This morning will always be engraved by two snapshots in my mind of the people involved. The first is of the client pulling away from the young man, tears in her eyes and repeating, “No. I want to do this.” The second is of the young man, head down and shoulders slumped, facing the sidewalk counselors as they walked away from him saying, “You didn’t try hard enough.”

We need to call them something other than “counselors.”

New Escort Story ~ by Anonymous

I am a new escort. I cannot speak for all new escorts, but I hope that my post will give both potential future escorts and more experienced escorts some insight into what it is like to be a new clinic escort.

I first heard about the escort group when calls were put out for extra assistance on the day before Easter. My husband and I are very pro-choice, and decided to put our values into action by volunteering as escorts. The email said that you were expected to not engage/argue with the protesters and I figured I could handle it. I wasn’t quite sure what to expect in terms of the number of protesters (or their volume) but figured there might be people holding signs and yelling. My husband and I were given clinic escort vests and a brief rundown – ask people if they want to be escorted, walk at their speed, don’t engage with the protesters, don’t touch the protesters (or they’ll cry “assault!”), keep talking even if it’s just about the weather, to just keep the client’s attention away from the screaming.

In the chaos, I somehow found myself escorting from the $3 lot. (Please know that this is unusual! New escorts typically undergo a lot of shadowing before actually escorting). It was a quick frenzy of jaywalking (at the client’s request), shouting protesters, and emotion. My mind didn’t even have time to process everything that was happening. One protester ran up to me and bumped into me, trying desperately to reach the client. Everything in my mind cried out, “You will not hurt her!” and in a moment of intense (and selfish) need to feel like I could protect the client, I put my arm around her. The client, her face set with determination, yelled back at the protesters. Just as she reached the door, a protester wailed out, “Don’t DO it, darlin’!” and as suddenly as it had began, it was over.
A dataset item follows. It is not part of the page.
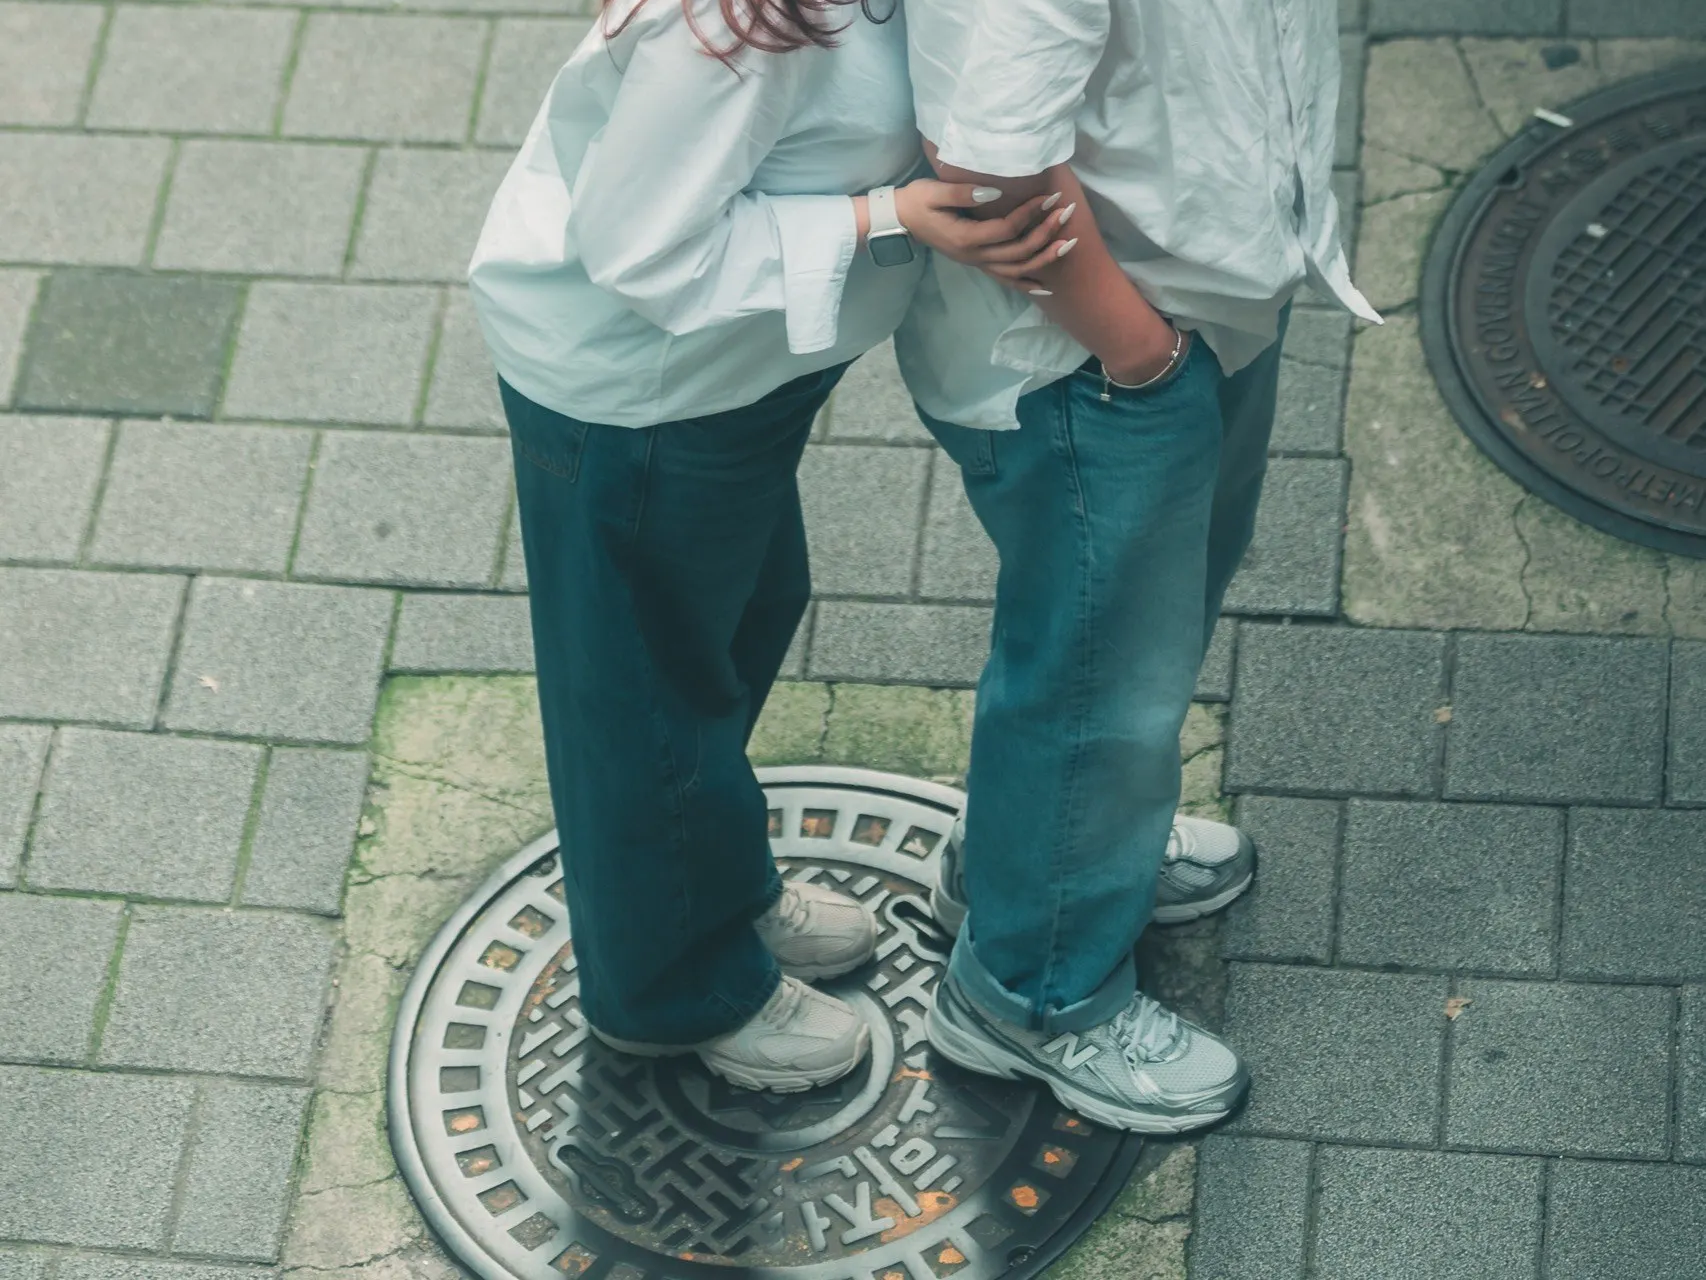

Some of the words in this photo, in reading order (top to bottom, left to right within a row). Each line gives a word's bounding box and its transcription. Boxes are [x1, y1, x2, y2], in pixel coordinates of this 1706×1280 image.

[1475, 198, 1548, 363] GOVERNMENT
[1495, 370, 1706, 515] METROPOLITAN
[1041, 1032, 1101, 1071] N
The client was inside the clinic.

It was then that I met one of the senior escorts, as she pulled me aside and helped me to realize that I had just broken one of the fundamental Points of Unity – asking the client’s consent (not just to be escorted, but also to be touched). My heart sank. With the panic of the crowd subsiding, I knew she was right. Logically I had known that, but in the chaos of the moment, there is no logic. As my husband and I walked back across the street to the parking lot, I started to get choked up. I hadn’t realized it was going to be so intense. The raw emotion felt too overwhelming.

We stayed a bit longer. I turned in my vest, thanked the other volunteers, got to my car, and started to cry as I tried to process my first escort experience.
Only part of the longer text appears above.